By international standards, the Middle East is at the beginning of its programmatic advertising journey. Rather than being a hindrance, however, this could enable the region to avoid the pitfalls encountered by other markets – not least in fields like brand safety and ad fraud.

Of the US$3bn currently spent on display advertising across the MENA region annually, the IAB estimates that only 20.9% is being traded programmatically. For context, in Germany that figure stands at 40%; in the UK, Europe’s most advanced digital advertising market, 76% of display ad spend is programmatic.

Brands in these territories have primarily treated programmatic technology as a means of making media buying as efficient as possible. When asked by martech company Alfi for the most important benefits of programmatic, most advertisers in markets like the US and France selected automation (94%) and real-time measurement (72%).

Alex Brownsell, Senior Editor - Media, WARC
Alex Brownsell, Senior Editor – Media, WARC

Considerations such as media quality have been low on the agenda, and this has come at a cost. A recent study from NewsGuard and Comscore found that publishers of mis- and disinformation are hoovering up vast sums through wayward programmatic spend. The problem is particularly acute in the US, the researchers believe, with the country’s advertisers sending an estimated $1.62bn to misinformation sites.

This has prompted a change in attitude. Brands and their agency partners are increasingly practicing ‘conscious media’ planning. This involves making deliberate decisions on what media to prioritise, focusing on quality environments and diversity of media, and actively eliminating spending with those responsible for disinformation and online hate.

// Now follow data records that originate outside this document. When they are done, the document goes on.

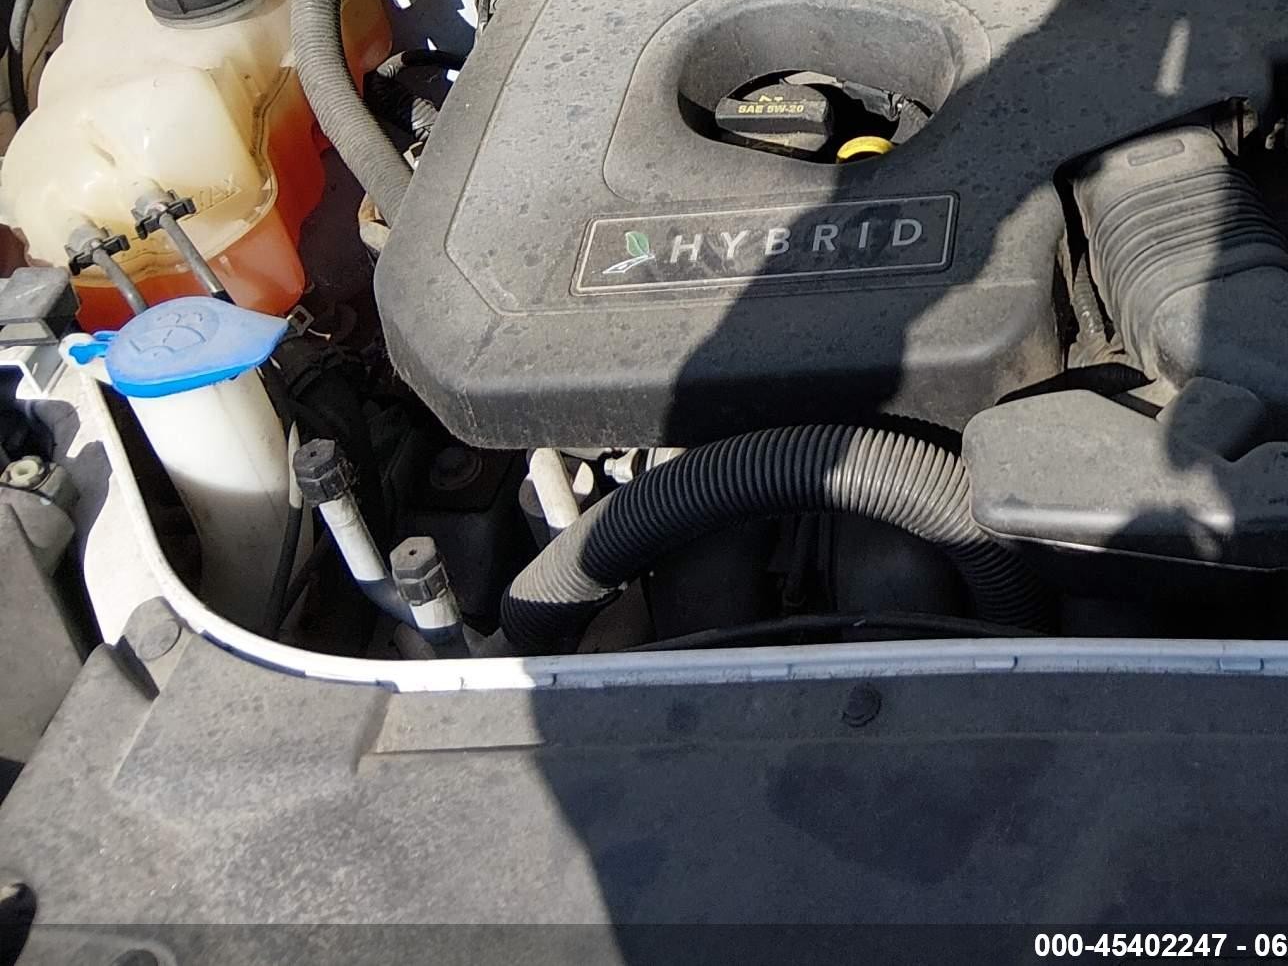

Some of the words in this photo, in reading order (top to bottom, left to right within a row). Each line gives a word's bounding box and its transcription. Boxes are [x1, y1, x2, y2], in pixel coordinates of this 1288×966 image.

[738, 105, 763, 113] SAE
[767, 105, 804, 113] 5W-20
[669, 218, 924, 264] HYBRID
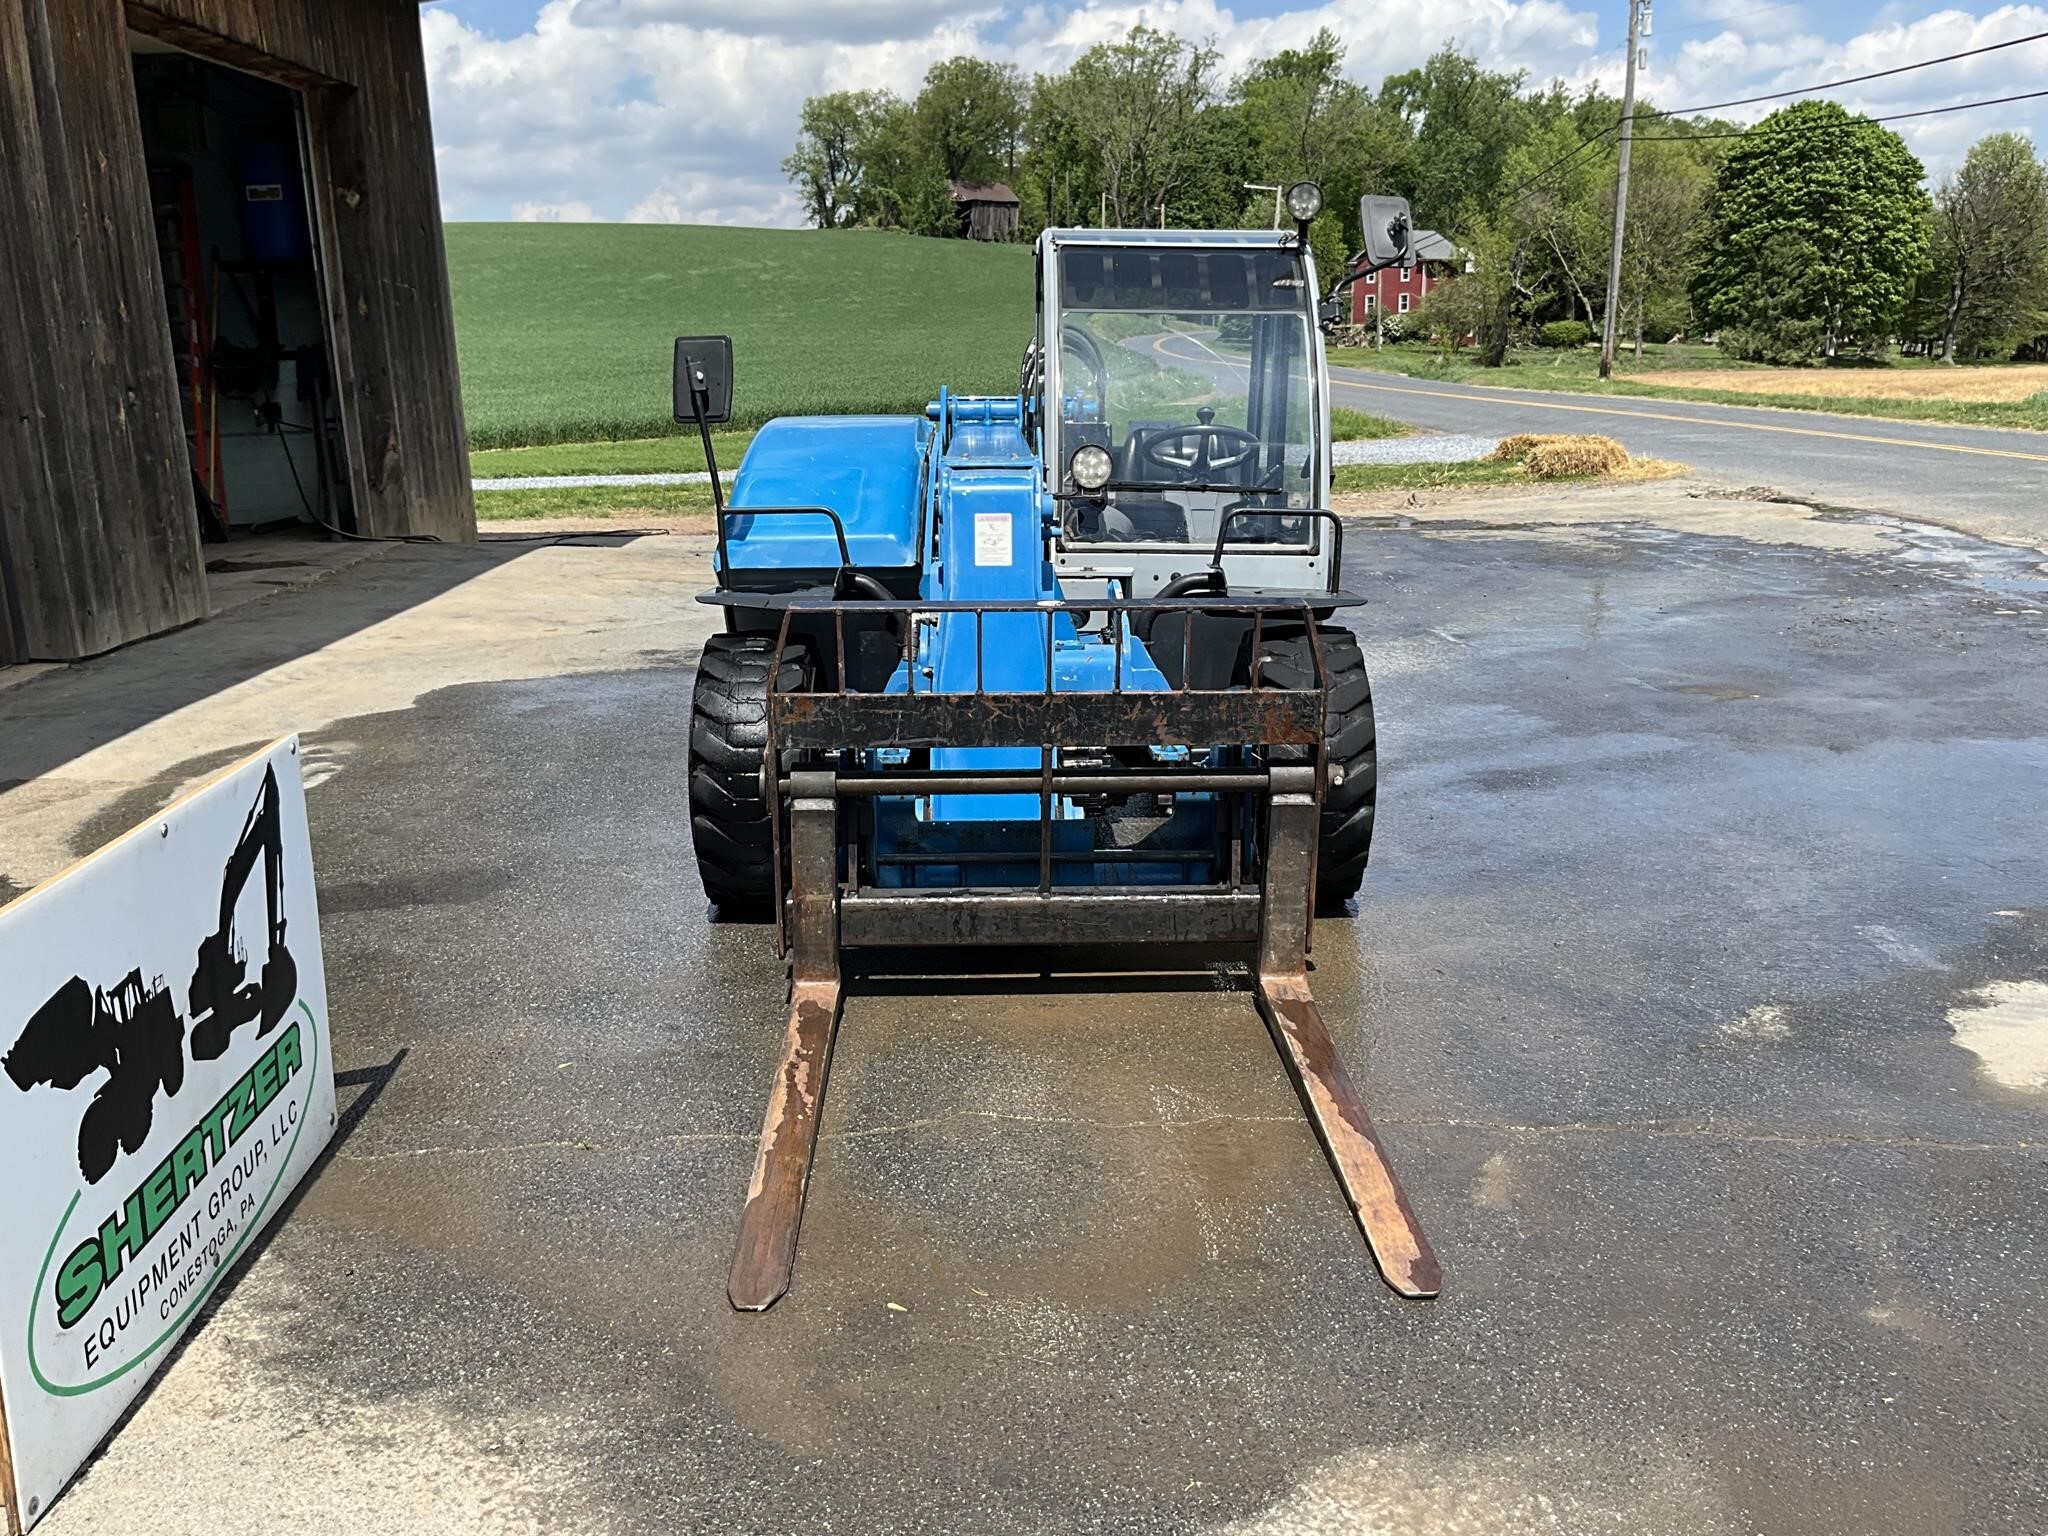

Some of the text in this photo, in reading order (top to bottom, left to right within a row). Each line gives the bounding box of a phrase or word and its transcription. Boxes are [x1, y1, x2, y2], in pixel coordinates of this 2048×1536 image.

[55, 1021, 302, 1329] SHERTZER
[84, 1100, 298, 1370] EQUIPMENT GROUP, LLC
[160, 1192, 256, 1321] CONESTOGA, PA

The recent WARC Guide to conscious media investment – written in partnership with the Conscious Advertising Network – shared lessons from brands including GSK, HMD, Virgin O2, and Reebok, who are already making conscious media choices, and seeing brand impacts.

Quality media boosts impact

Campaigns perform best in high-quality and relevant contexts. Until recently, this approach has been overlooked by most digital advertisers.

When consumers trust the information on a page, they trust the advertising. An Australian study from May 2021 found digital display ads were more effective incredible, premium environments. This applied across a variety of criteria: 41% better recognition compared to the average online benchmark, 48% better at prompted recall, and a 55% brand lift.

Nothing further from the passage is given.